The woman seemed to be stuck in that exact spot.
She did not describe one giant blowup. It was more the slow discomfort of a person pushing past the natural limits of workplace chat. A coworker you have never met should not need constant access to your attention. If the question is work-related, fine. If the message is personal, repeated, and unnecessary, that changes the tone.
The concern was not only that he was contacting her. It was that he kept contacting her after the conversations should have naturally died off.
That kind of persistence can start to feel invasive because it puts the other person in the role of managing the interaction. She had to decide whether to answer, how short to be, whether to ignore him, and whether ignoring him would create tension at work. He got to keep tossing messages out. She had to carry the social cost of shutting them down.
The woman wondered if she was overreacting because nothing had become overtly threatening. But discomfort does not have to wait for threats. Sometimes the warning sign is simply that someone is ignoring the natural rhythm of polite conversation and trying to force closeness where none exists.
It also mattered that they had never met. That made the personal tone feel even more out of place. This was not a coworker she had a long rapport with. This was someone using a shared workplace connection as an opening.
The cleanest boundary in that kind of situation is usually to stop replying to anything that is not work-related. No extra warmth. No apology paragraphs. No explanations that invite debate. A simple, professional answer when necessary, and silence when it is not.
The woman did not seem to want drama. She wanted to know if her instincts were fair and whether it was okay to pull back.
And honestly, yes. A coworker does not need to do something extreme before you are allowed to make the conversation boring and strictly professional.
Commenters mostly told her she was not overreacting. Many said if the coworker’s messages were not necessary for work, she had every right to stop engaging.
Several people said she should move the conversation back to official work channels if possible. If he needed something job-related, he could email or use whatever system the company provides. Personal messaging made the situation feel too casual.

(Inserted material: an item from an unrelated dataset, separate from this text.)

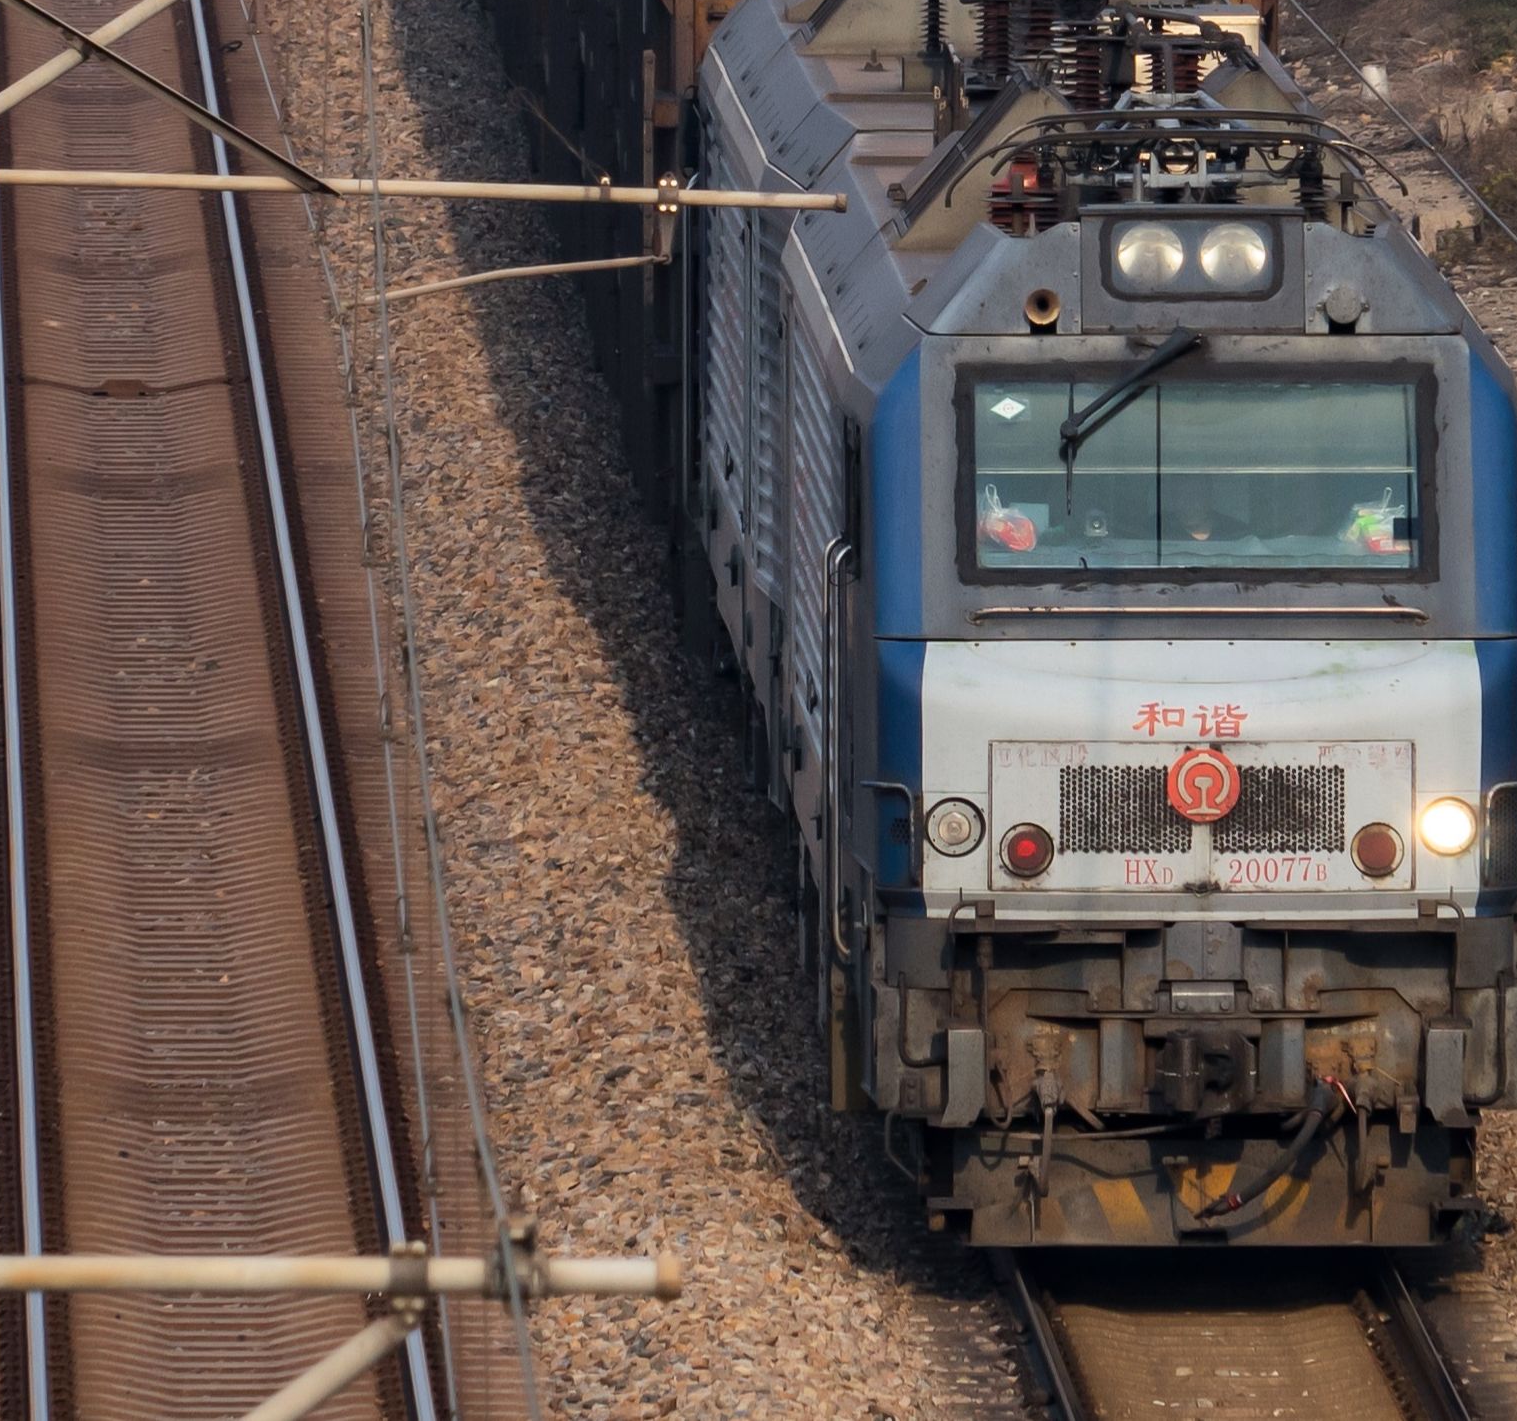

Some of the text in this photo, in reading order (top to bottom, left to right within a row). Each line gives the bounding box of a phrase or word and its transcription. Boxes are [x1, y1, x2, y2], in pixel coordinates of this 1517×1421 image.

A lot of commenters warned her not to soften the boundary too much. They said short, neutral replies work better than overexplaining, because a pushy person may treat explanations as openings for more conversation.
Others said she should save screenshots in case the contact continued or escalated. Even if she did not want to report it immediately, having a record would help if she later needed to show a pattern.
Some commenters allowed that the coworker might simply be awkward or lonely. But even then, they said his loneliness was not her responsibility to manage.
The strongest advice was to keep it professional and stop giving him personal access. Work chat is for work. If he cannot respect that, then it becomes a workplace problem.